Help Wanted!
The Unicon project is looking for help on the following topics as of 2/6/2013.
Thanks to Hugh Sasse for improving the HTML and adding a table of contents!
Most of these topics are requests from the user community. Many of these would
make excellent independent study or thesis topics. Net volunteers are also
welcome. Anyone willing to pay for any of these projects should drop me a
note, and I will hire appropriate students to do it at their bargain wage
rates.
An asterisk (*) in the title indicates that Somebody is believed
to be working on that topic, or has implemented a feature not yet
adopted in the Unicon baseline.
Contents
The Unicon translator is written in Unicon and has evolved since around 2000.
Purpose: core language. Skills needed: Unicon expert, compilers.
- The Unicon translator is an appropriate place to implement a
number of classic, easy optimizations such as constant folding
and common subexpression elimination.
Amazingly, icont does not do these. Icont should also do
strength reduction, not only for classic arithmetic operations
but for string processing; for example,
changing
upto('s') to find("s").
Also, there are obvious conversions to avoid at compile time, such as
changing write(1) to write("1") and the like.
In 2006-2007 Unicon re-incorporated Icon's optimizing compiler,
which is built separately and accessed using "unicon -C" on Unix-based
systems with an available C compiler.
Purpose: faster execution.
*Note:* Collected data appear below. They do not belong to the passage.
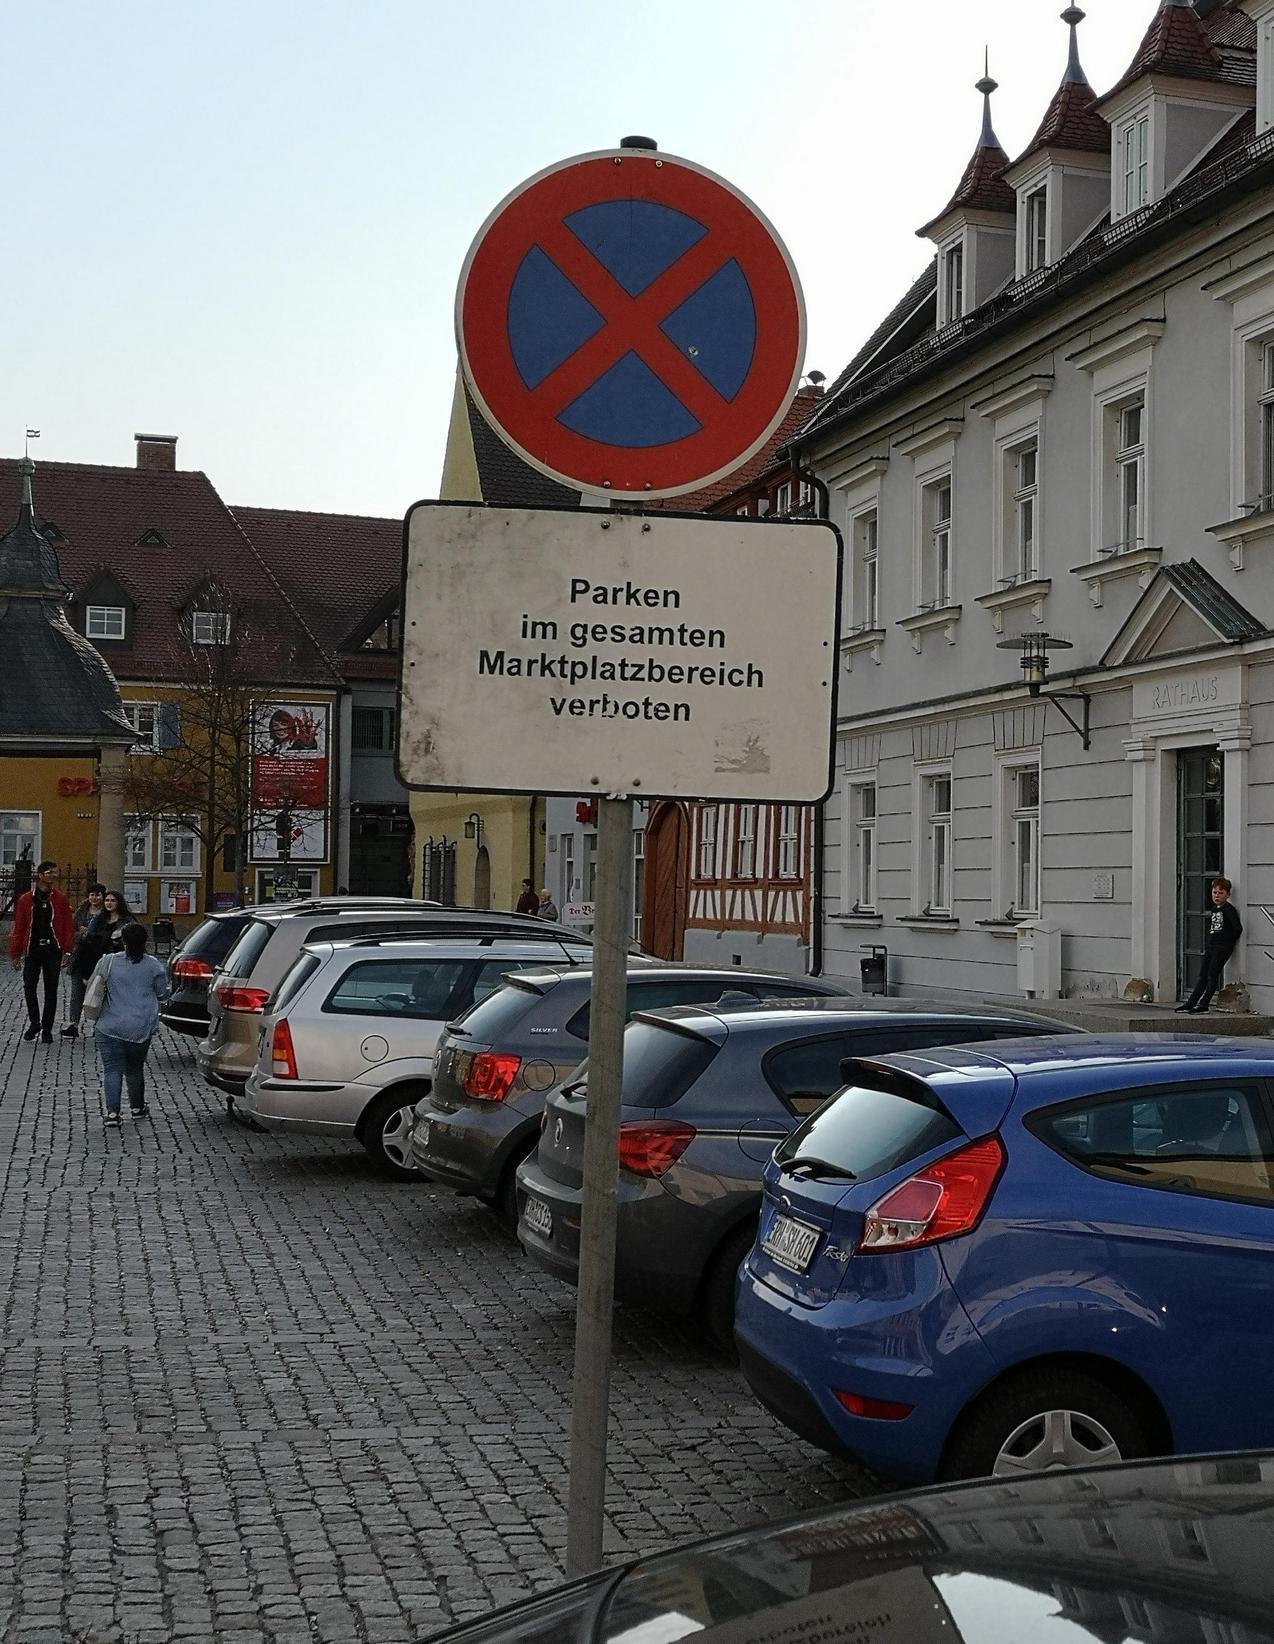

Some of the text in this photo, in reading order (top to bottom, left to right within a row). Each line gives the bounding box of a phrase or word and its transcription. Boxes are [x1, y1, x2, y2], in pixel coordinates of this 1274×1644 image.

[570, 578, 681, 609] Parken
[521, 613, 726, 648] im gesamten
[478, 649, 764, 688] Marktplatzbereich
[550, 692, 691, 722] verboten
[1152, 676, 1219, 710] RATHAUS
Skill needed: C expert.
- Dead Code Elimination --
Iconc needs to remove unreferenced procedures and classes prior to type
inferencing in order to speed up compilation and reduce memory requirements.
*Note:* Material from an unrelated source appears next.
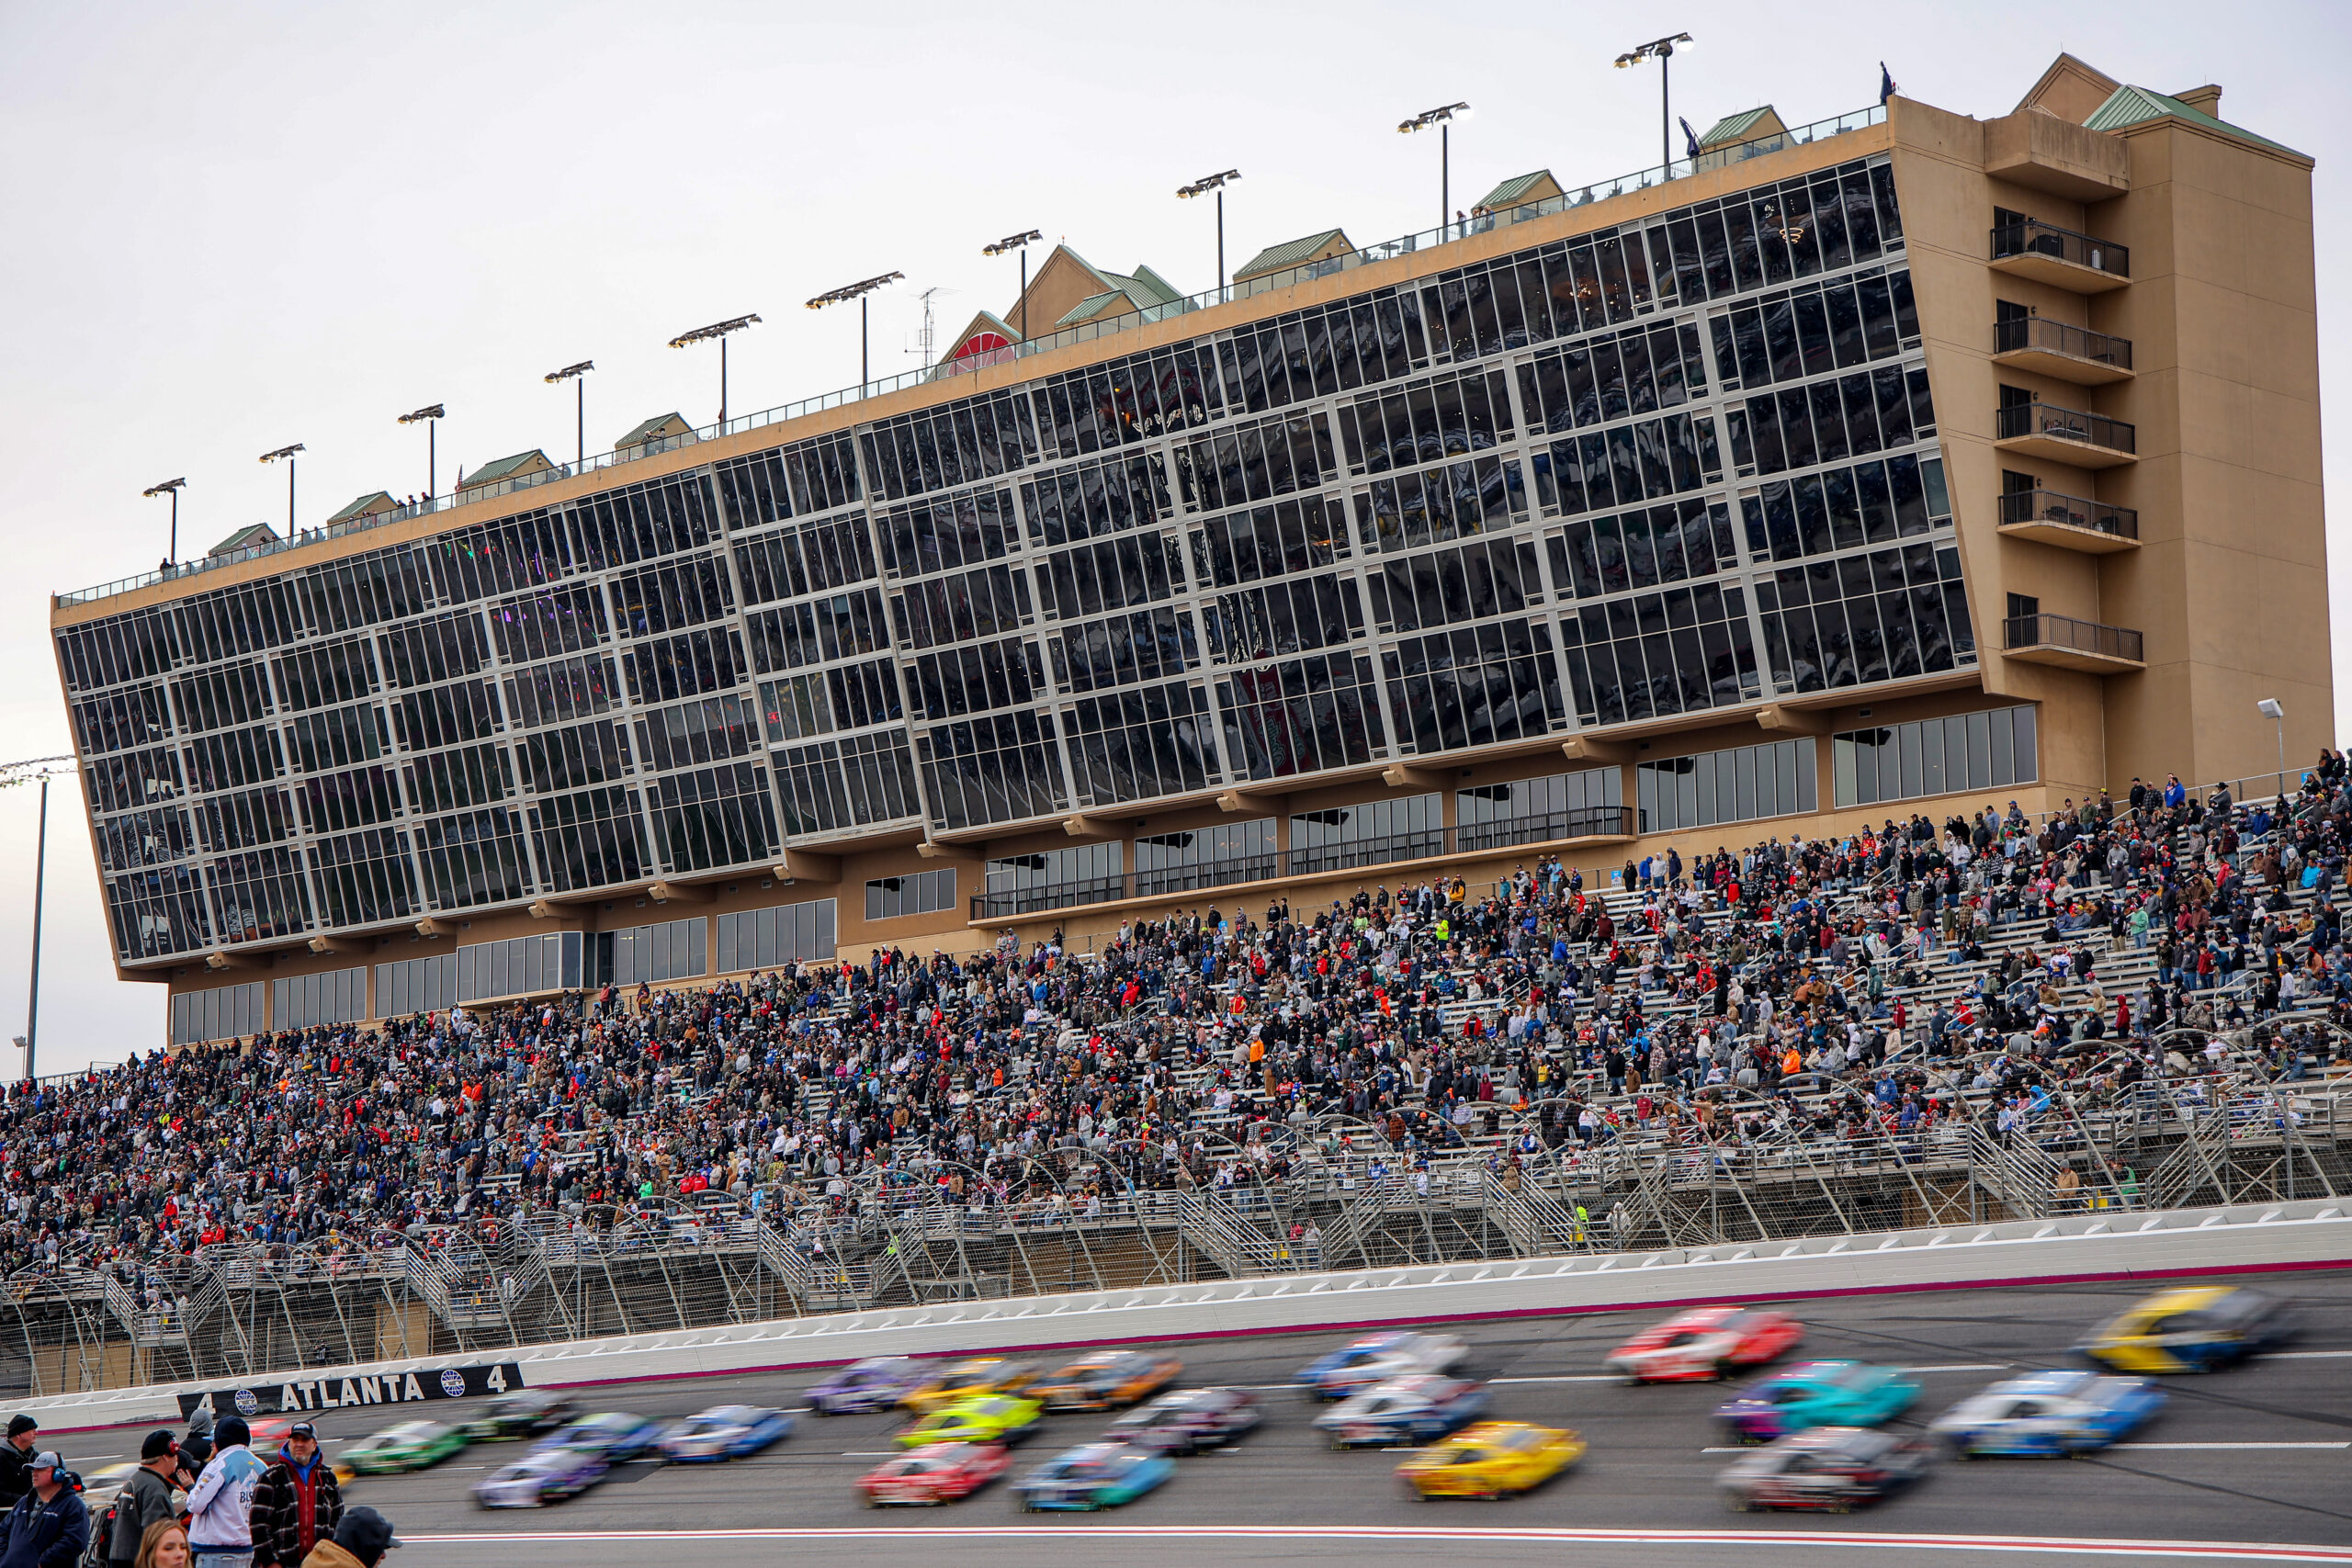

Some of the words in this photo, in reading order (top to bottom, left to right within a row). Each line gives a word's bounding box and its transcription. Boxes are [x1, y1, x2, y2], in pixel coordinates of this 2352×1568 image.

[197, 1393, 217, 1416] 4
[280, 1372, 425, 1412] ATLANTA
[486, 1365, 507, 1393] 4
- Compiler Optimization --
Iconc can use further optimization, both of its own
operation and
particularly of its generated code. An earlier successful project
by Anthony Jones showed me than even an enterprising undergraduate
student can make a real difference (in his case, a 2/3 reduction in
iconc's memory requirements).
- Windows Compiler -- Iconc needs to be ported
to Windows, preferably using a free Windows C compiler such as gcc or lcc.
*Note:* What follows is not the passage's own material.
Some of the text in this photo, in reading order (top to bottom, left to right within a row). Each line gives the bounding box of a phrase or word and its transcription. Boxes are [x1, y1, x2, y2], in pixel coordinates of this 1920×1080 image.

The win32/gcc configuration provides a starting point.
The Unicon virtual machine is the Icon virtual machine, with extensions.
It was written in C in the early 1980's. The VM runtime system was
altered in the early 1990's to use an extended-C syntax called RTL
(runtime language). This allowed it to be used for both Iconx and Iconc.
Skills needed: C expert.
- VM optimization-- The virtual
machine translator (icont), and the interpreter and runtime system
(iconx) can be further enhanced for better performance. For example,
the memory allocations performed during most string subscripts can be
avoided with a relatively simple addition of a new virtual machine
instruction. As another example, in many or most calling contexts,
the translator can identify when a generator cannot be resumed. If this
information were passed into the invocation, a suspend might be promoted
into a (much faster) return expression.
- VM translator type inferencing --
The type inferencing mechanism used by iconc has been sped up to the
point where type inferencing could be used to direct VM optimizations,
not just C-compiles.
- Compact structure representations --
Common special-cases of data structures should have special-purpose
representations to save space and time. One example was a user request
for "tiny tables" -- if a program needs millions of small tables, the
memory overhead of such tables becomes important. If HSegs is 20, one
would seemingly be able to store tables of size <= 5 in a single Table
block instead of allocating an array of buckets.
Also, study (and some implementation) is needed to decide if the
implemented array() representation should be used as the default
behavior of list() when its initial value is numeric.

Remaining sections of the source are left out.